First you expose the risk. You derive an impact of an attacker having access to the internal network. Then you assess the likelihood and technical complexity. In your case the hard part is getting buy in from your management. So the first thing to do is taking references. Have a look if you find specific requirements for the type of business you are in, the size of your business and what industry best practice guides say you should do (NIST). It's important to structure your risks like this ensuring you have both the technical reasons, but also a clear business impact (what is this going to cost the business?) (in the end the business is what it's all about, IT is just an enabler).
As you are from the UK and you clearly think there is a risk for private data, have a look at the Data Protection Act. It's always interesting to show what can happen by refering to cases which bear a similarity to your current environment. Make sure that they understand that the upper management can be held personally accountable if it's deemed they made wrong decisions (e.g. not fixing this), but do not threaten them as this may have an adverse effect.
There's also the EU General Data Protection Regulation, which will be finalized end of this year. It allows the EU to fine companies up to 5% of their global turnover in case severe missmanagement of personal data is found.
After you have made the report, you need to present it to your management, which is someone responsible for the business and someone responsible for IT as well as your internal audit department. That's the easy part. Now comes the hard part: sell security.

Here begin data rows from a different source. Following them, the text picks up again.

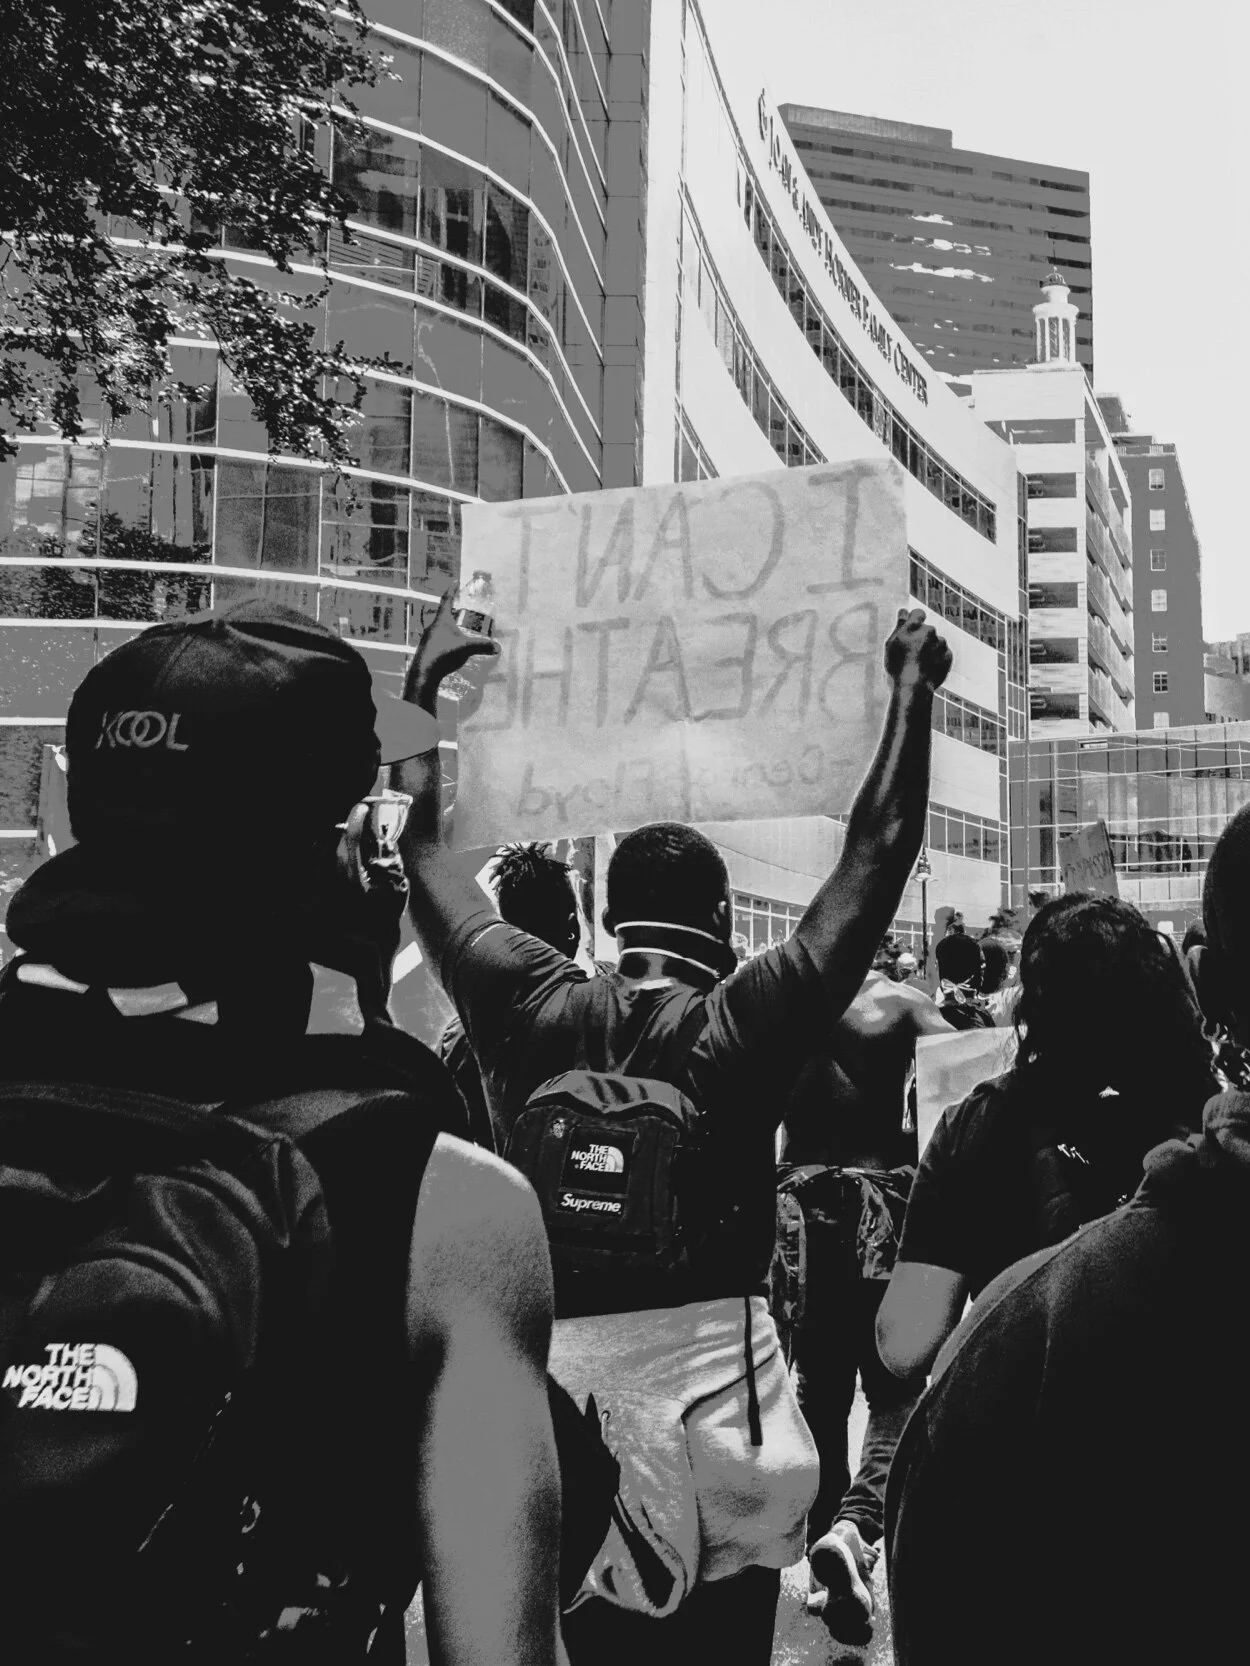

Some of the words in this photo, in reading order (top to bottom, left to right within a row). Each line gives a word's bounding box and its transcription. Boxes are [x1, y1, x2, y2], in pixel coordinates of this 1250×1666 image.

[862, 294, 892, 363] FAMILY
[894, 342, 928, 408] CENTER
[94, 710, 189, 751] KOOL
[571, 1150, 607, 1163] NORTH
[588, 1143, 609, 1155] THE
[579, 1161, 605, 1172] FACE
[560, 1193, 622, 1212] Supreme
[44, 1342, 96, 1367] THE
[1, 1364, 93, 1389] NORTH
[17, 1385, 92, 1411] FACE

You will need to get buy-in from your upper management to fix this, which will most likely cost money as they will need to spend resources. Unfortunately it's quite hard to do so, you need to involve your stake holders in the security process and explain the benefits to them. It's important to involve all employees in your security process. The security executive cannot sell the necessity and importance of the security function to others if people do not understand it.

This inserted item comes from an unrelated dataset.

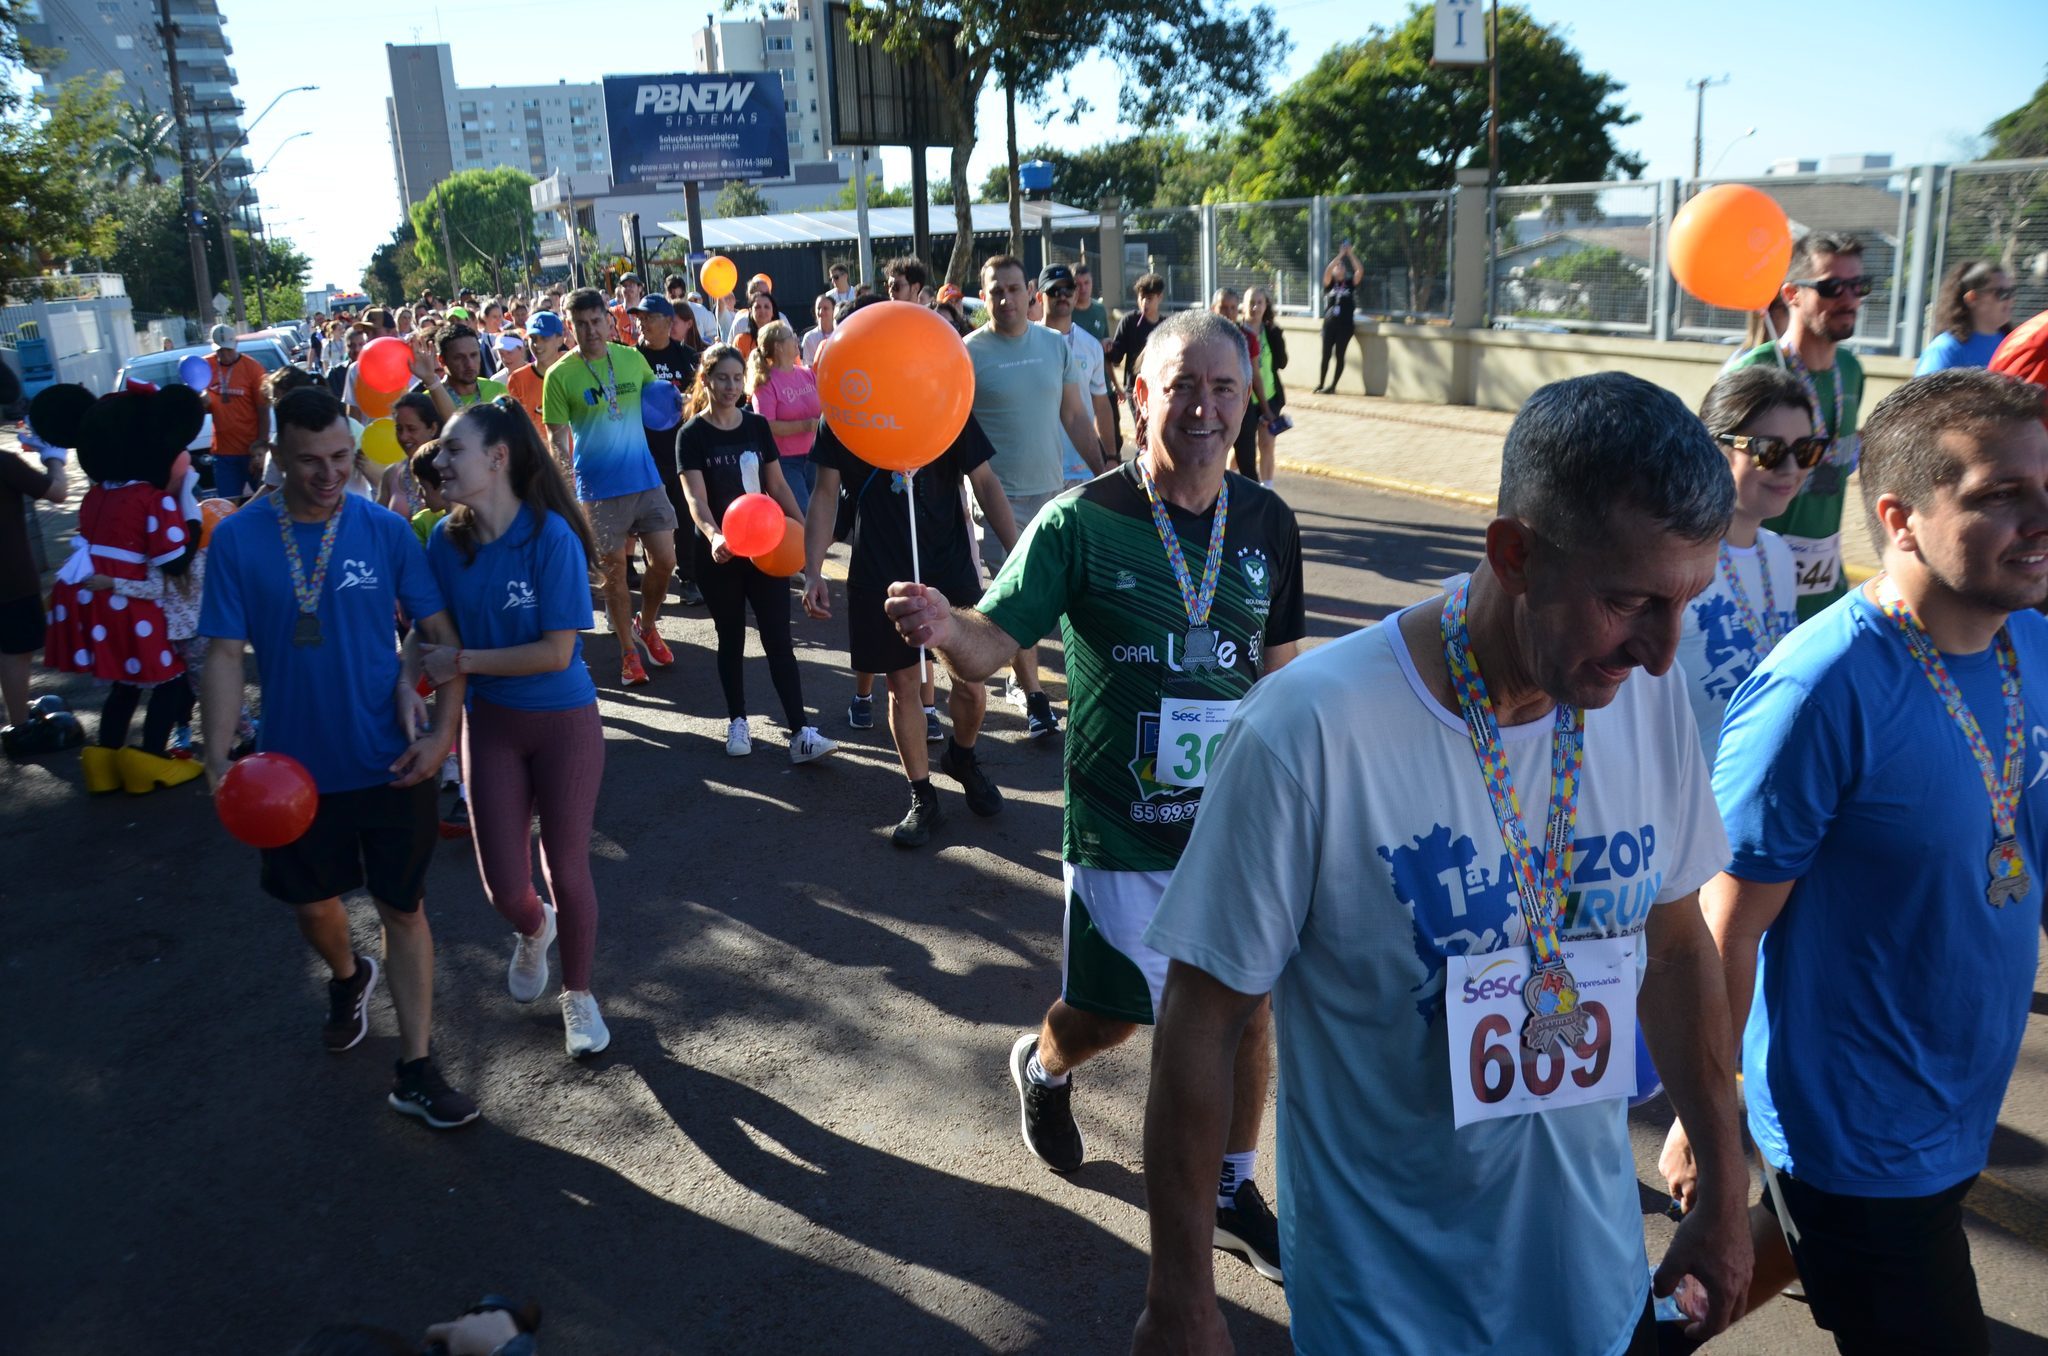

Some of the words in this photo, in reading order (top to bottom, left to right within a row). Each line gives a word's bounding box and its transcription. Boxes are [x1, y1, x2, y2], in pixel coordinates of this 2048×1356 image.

Now the best way to get buy-in is to make them first understand. Make sure you think of a solution for each problem you face, you're already half way if you can come up with a good alternative. In your case it could be password managers or using domain credentials (PEAP authentication). I'm not a fan of allowing just any device into the internal network, preferably the only devices allowed should be those issued by the company.
Note that the business may decide to sign off on the risk. This means that they're aware of the risk, but choose not to do anything with it. In the end there's only so much you can do. To be fair, it's not uncommon that a serious incident occurs before people start seeing the importance of security. It's sad, but the hard truth.